Alimentare il dibattito è uno degli scopi di un documentario e per quanto mi riguarda un obiettivo importante, soprattutto se sotto forma di discussione informata in egual misura da tutte le parti scansando così definitivamente la ormai onnipresente contrapposizione fra tifoserie che si odiano a prescindere. Ma la docuserie, con la sua possibile fruizione anche in dosi massicce o centellinate a piacere, anche il fatto di vederla in tv, a casa propria, con tutte le pause necessarie per cioccolato&varie, farla diventare un momento di confronto fra generazioni mi sembra un bel traguardo. E anche una sorpresa. Soprattutto perché, a leggere i commenti, non si discute affatto solo di San Patrignano e di Vincenzo Muccioli, ma la maggior parte la prende a pretesto per parlare di libertà, di scelte, di cosa sono le buone idee, di cosa significhi limite, di proibizionismo, di essere una famiglia, di padri, di madri, d’Italia, di noi.

Frammentisimili

Tutto questo avviene ovviamente anche perché Sanpa non è solo la storia di San Patrignano. È un documentario sul potere, il potere degli uomini, delle sostanze, della fede o del bisogno di averne una, il potere della politica, della famiglia e dell’ambiguità. Una storia sul nostro bisogno atavico dell’uomo forte che risolve lui senza farci sapere troppo. E anche il fatto che non fosse mai stata raccontata dall’inizio alla fine - forse nella speranza che nessuno facesse troppe domande - ne spiega ora l’interesse così impellente.

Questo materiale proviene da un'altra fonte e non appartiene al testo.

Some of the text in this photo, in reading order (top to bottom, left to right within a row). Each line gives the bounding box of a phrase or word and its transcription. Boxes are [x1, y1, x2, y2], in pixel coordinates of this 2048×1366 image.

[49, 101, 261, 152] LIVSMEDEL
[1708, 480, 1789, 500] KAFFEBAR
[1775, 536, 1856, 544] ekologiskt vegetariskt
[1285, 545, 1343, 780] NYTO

Credo che abbiamo tutti un bisogno fortissimo di una memoria condivisa che sturi un po’ i canali incrostati della comunicazione fra generazioni, che funga da collante, che dia in pasto temi comuni e storie esemplari, che pungoli, che obblighi al confronto. La memoria collettiva è ciò che da semplici condomini dello stesso suolo ci rende comunità, popolo, un unico Paese.

A un certo punto, sempre dalla fonte inesauribile dei commenti e grazie anche a qualche spifferata colloquiale, mi giungono voci di famiglie che si chiedono se in quella precisa frase del documentario Walter Delogu stesse mentendo perché il suo bodylanguage sembra dichiarare altro; altri che discutono del punto di svolta del sindaco comunista; so di un marito che è uscito di casa sbattendo la porta all’urlo di: “Tu di Cantelli non hai capito una mazza!”.

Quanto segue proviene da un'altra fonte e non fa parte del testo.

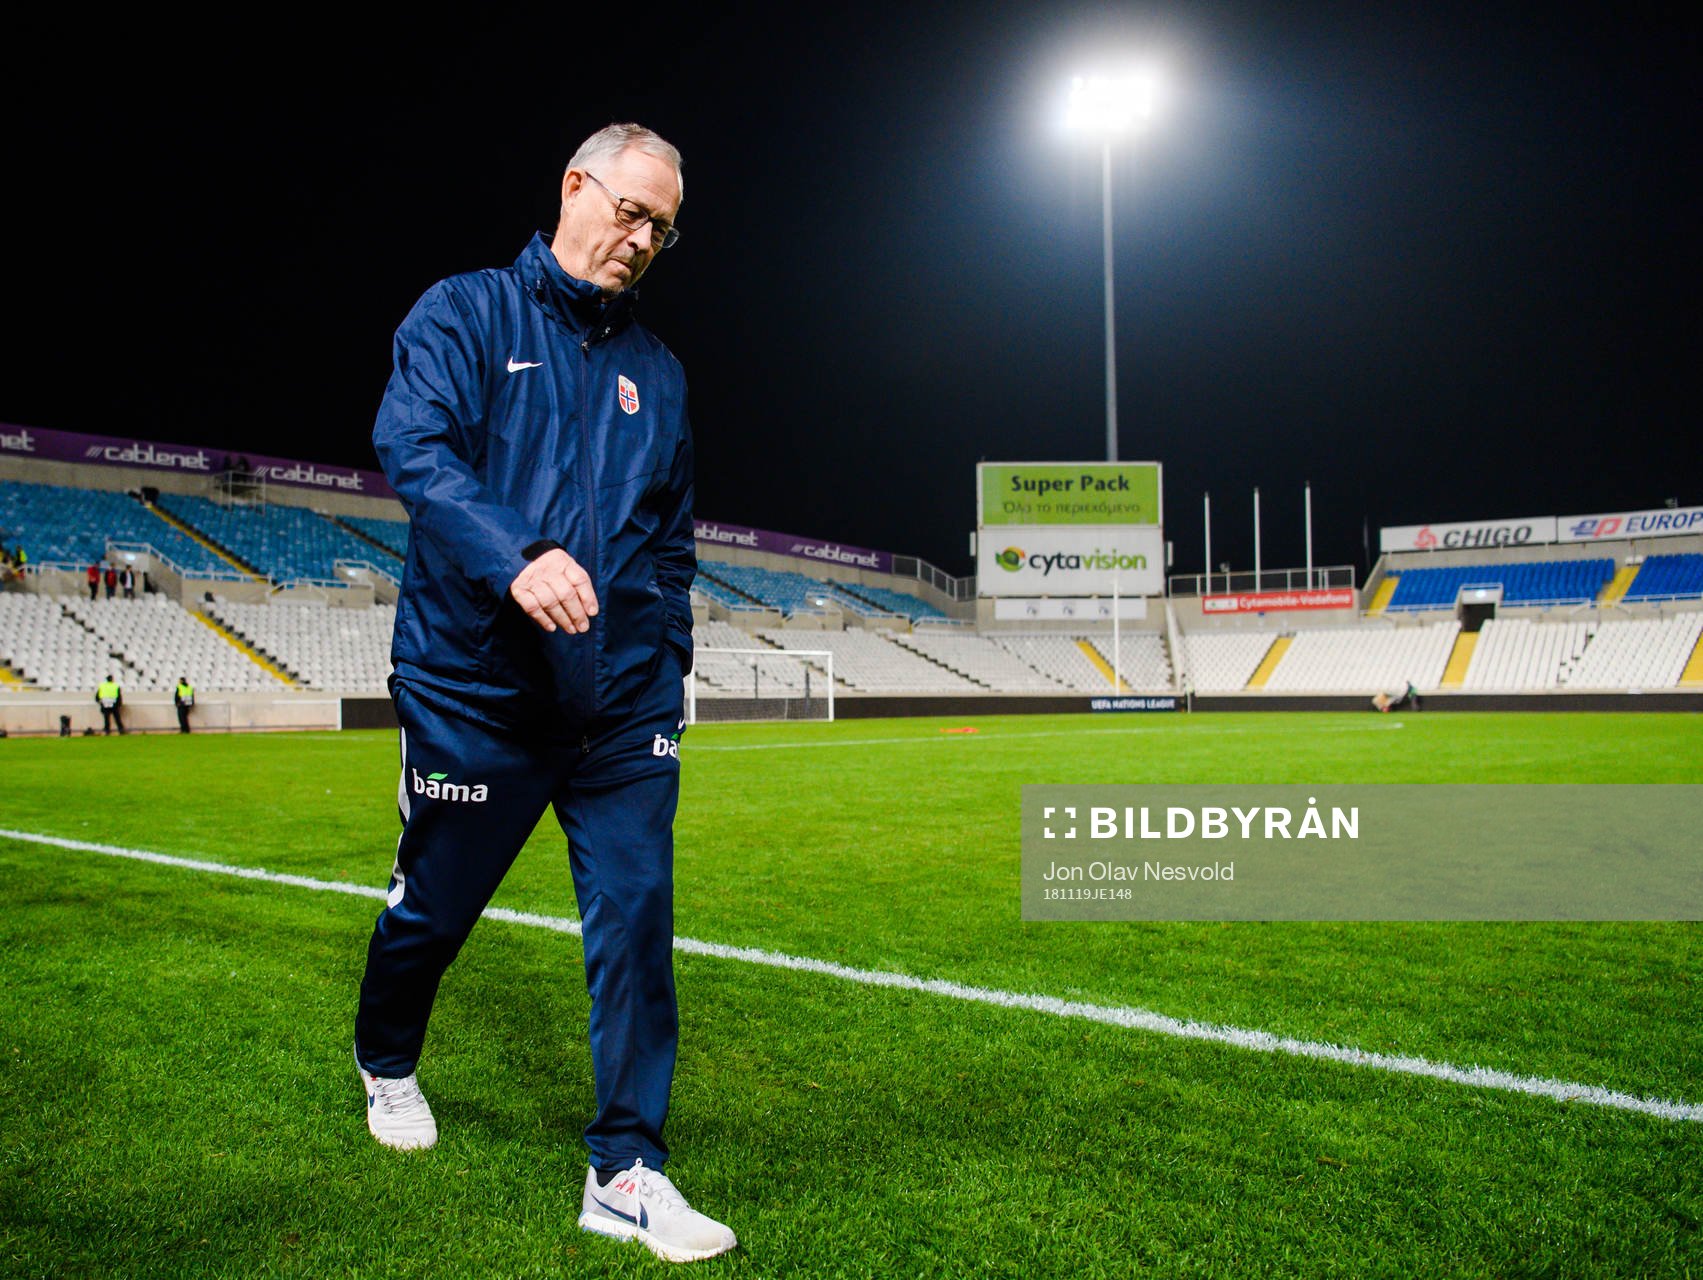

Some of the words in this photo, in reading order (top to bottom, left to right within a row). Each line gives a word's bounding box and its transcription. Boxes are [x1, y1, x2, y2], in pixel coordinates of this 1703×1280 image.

[104, 443, 210, 470] cablenet
[270, 464, 363, 490] cablenet
[1011, 475, 1074, 496] Super
[1081, 474, 1130, 491] Pack
[694, 524, 758, 546] ablenet
[1443, 526, 1532, 549] CHIGO
[804, 544, 880, 568] cablenet
[1029, 548, 1147, 576] cytavision
[1091, 699, 1111, 709] UEFA
[1113, 699, 1145, 709] NATIONS
[1147, 699, 1175, 709] LEAGUE
[653, 734, 680, 759] ba
[412, 768, 488, 802] bama

Scrivere una docuserie è come lanciare una pietra in uno stagno e poi stare a guardare i cerchi che si allargano fino a raggiungere tutto. Come nei romanzi o nei film, i personaggi cominciano a camminare con le loro gambe. O forse ricominciano a camminare, perché vivi e veri lo sono stati sempre; serviva costruire un contenitore nel quale potessero parlare ed essere capiti. Non dimenticherò mai lo sguardo e le parole di molti di loro che prima o durante l’intervista dicevano chiaramente o facevano intuire fra lacrime e imbarazzi: “Ma dove siete stati tutti questi anni? Sono quasi quarant’anni che vi aspettavamo per raccontare tutto.”

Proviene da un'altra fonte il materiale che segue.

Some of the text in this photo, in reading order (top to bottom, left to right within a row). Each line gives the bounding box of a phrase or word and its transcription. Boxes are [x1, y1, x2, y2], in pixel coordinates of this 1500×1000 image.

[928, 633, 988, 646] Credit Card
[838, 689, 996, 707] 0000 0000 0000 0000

Sanpa è una storia fatta di storie di persone comuni, italiani degli anni Settanta. Non è solo la storia di Muccioli, è la storia di un gruppo di persone che hanno fatto, volenti o nolenti, un pezzo di cammino insieme, e ognuna ha una propria personalità e un proprio agire e lo spettatore si riconosce o meno in questo catalogo di tratti comuni. Sono archetipi. E c’è il medico, e c’è il filosofo, e c’è il collaborazionista, c’è quello che guarda da fuori, c’è quello che è dentro ma non è mica tanto sicuro di starci, quello che vorrebbe fare di più, il fratello, il buon padre, il giudice, l’invasato fedelissimo, le madri, il pavido, la moglie, il messaggero, il traditore, il figliol prodigo. C’è tutto, è una tragedia. Ed è tutto vero.

Credo che ogni documentario sia l’inizio di un altro documentario. È un seme.

Vedere Sanpa fare i suoi primi passi nel mondo dei 190 paesi in cui arriva Netflix è emozionante; indagare profondamente una storia locale e renderla una narrazione globale che tocca e riguarda tutti, ci fa sentire parte di una comunità che si estende oltre i nostri confini nazionali, parte di un tutto unito nel riconoscerci più simili che dissimili, in 7 miliardi o quanti siamo.